Die einzelnen Beiträge des Sonderhefts zeigen eindrucksvoll, welche Potenziale in der hier vorgestellten neuen Perspektive auf das Themenfeld Berufe und soziale Ungleichheit stecken. Die „Blackbox“ Beruf wird dabei auf sehr unterschiedliche Art und Weise geöffnet. Das Sonderheft gibt einen ausführlichen, aber keineswegs vollständigen Einblick in die verschiedenen Themen und Fragen, die zur Untersuchung der ungleichheitsstiftenden Mechanismen von Berufen analysiert werden können. Die Vielfalt möglicher theoretischer und methodischer Zugänge sowie die für diese Art von Analysen verwendbaren Datengrundlagen kann auch nicht erschöpfend aufgezeigt werden.
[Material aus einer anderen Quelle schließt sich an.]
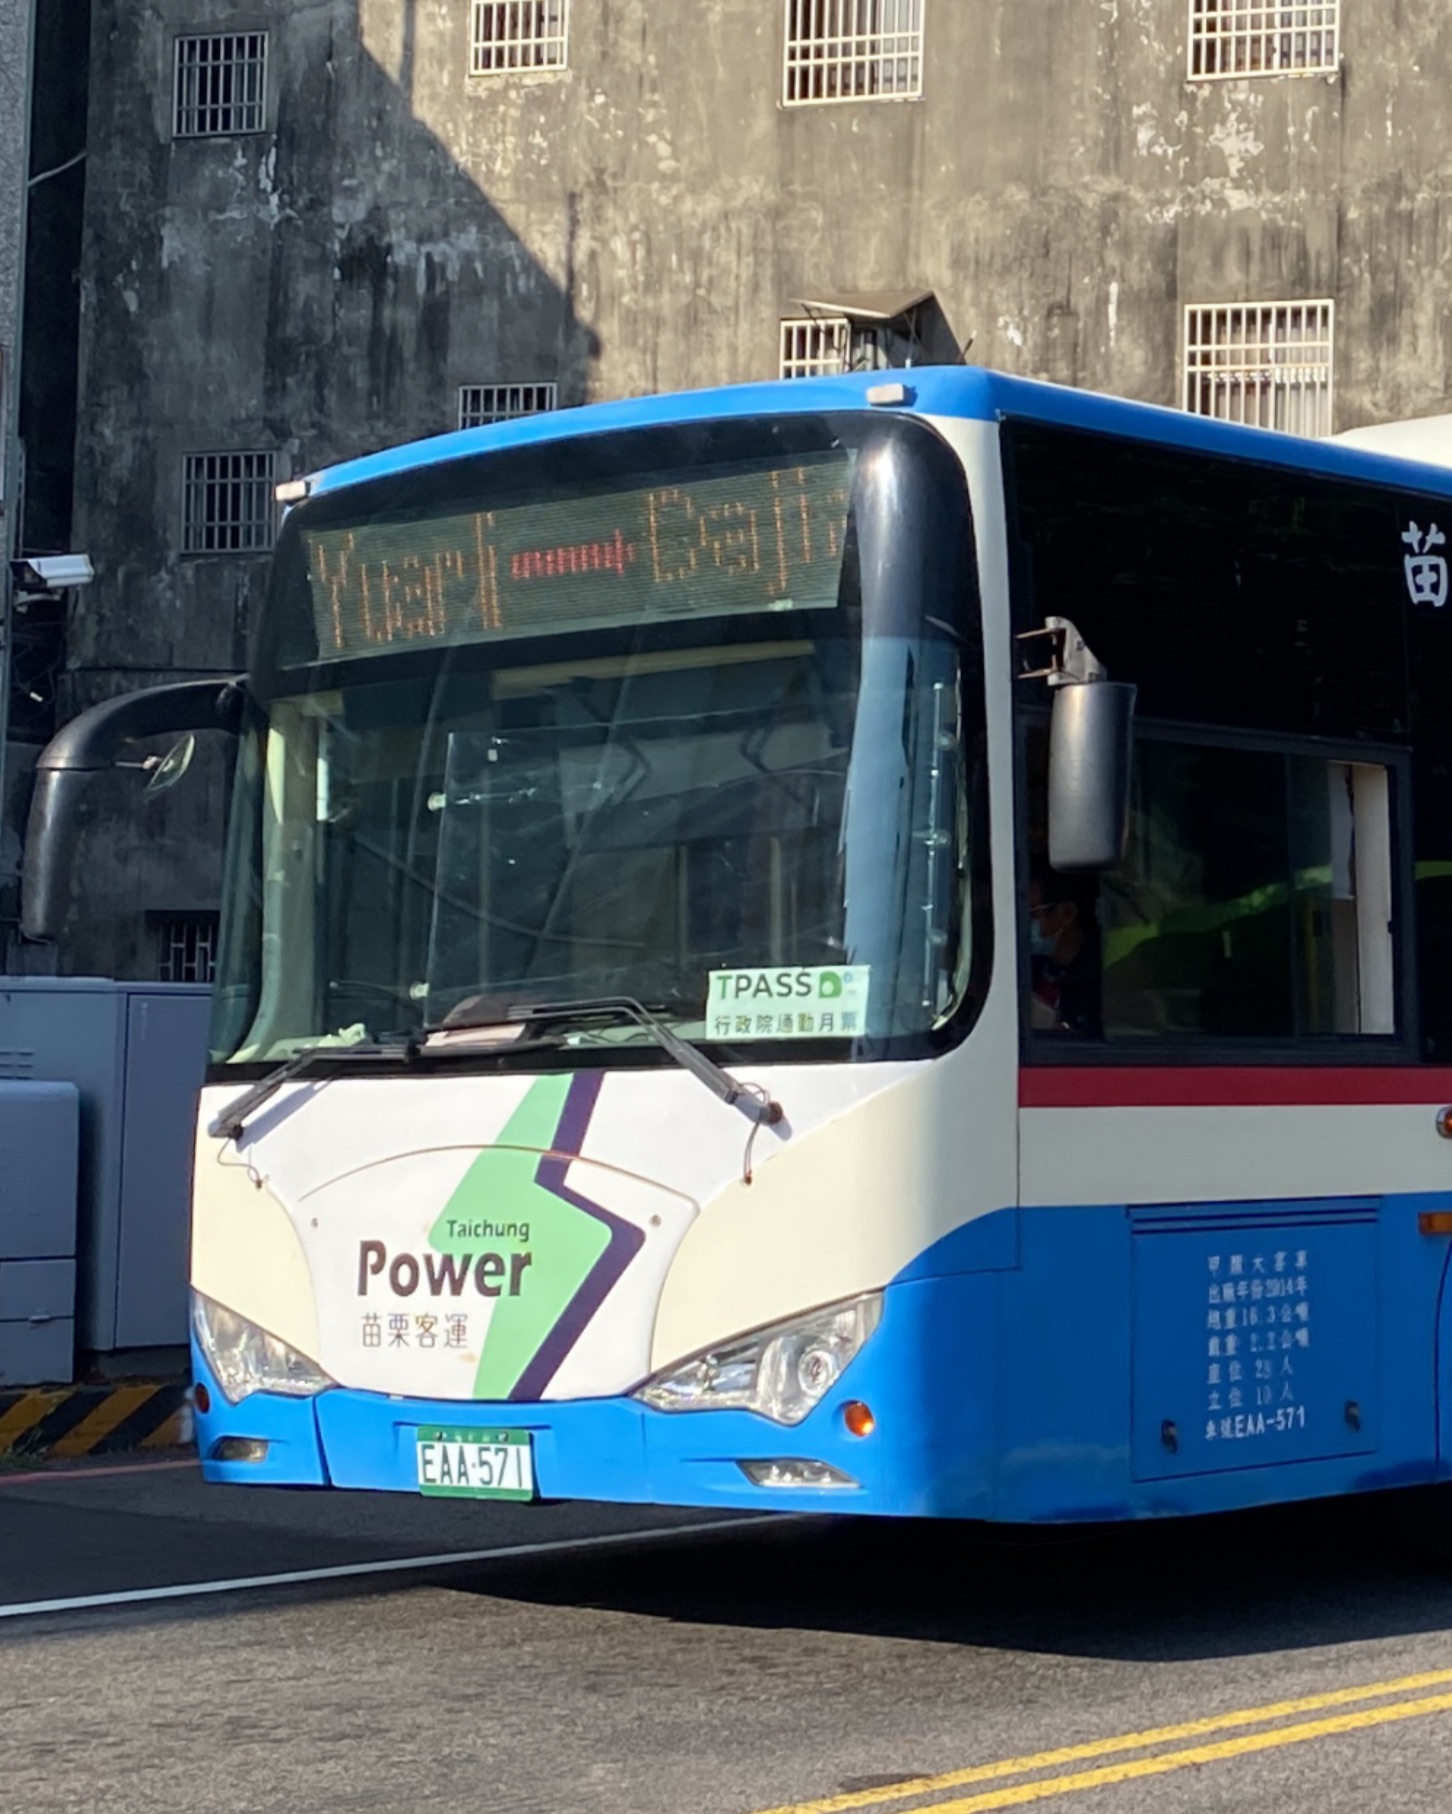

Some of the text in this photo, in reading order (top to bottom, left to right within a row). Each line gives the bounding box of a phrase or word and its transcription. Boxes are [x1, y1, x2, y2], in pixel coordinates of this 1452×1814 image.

[716, 972, 812, 999] TPASS
[715, 1011, 858, 1036] 行政院通勤月票
[446, 1219, 531, 1242] Taichung
[357, 1239, 532, 1298] Power
[361, 1312, 469, 1349] 苗栗客運
Vielmehr stehen die in diesem Sonderheft versammelten Beiträge als gute Beispiele dafür, wie der Perspektivwechsel zu einem besseren Verständnis des Zusammenhangs von Beruf und sozialer Ungleichheit, zur Bewältigung solcher gesellschaftlicher Herausforderungen wie Globalisierung, Migration, Digitalisierung und demografischem Wandel sowie der Erhöhung der Arbeitsqualität oder der Herstellung von Geschlechtergerechtigkeit beitragen kann.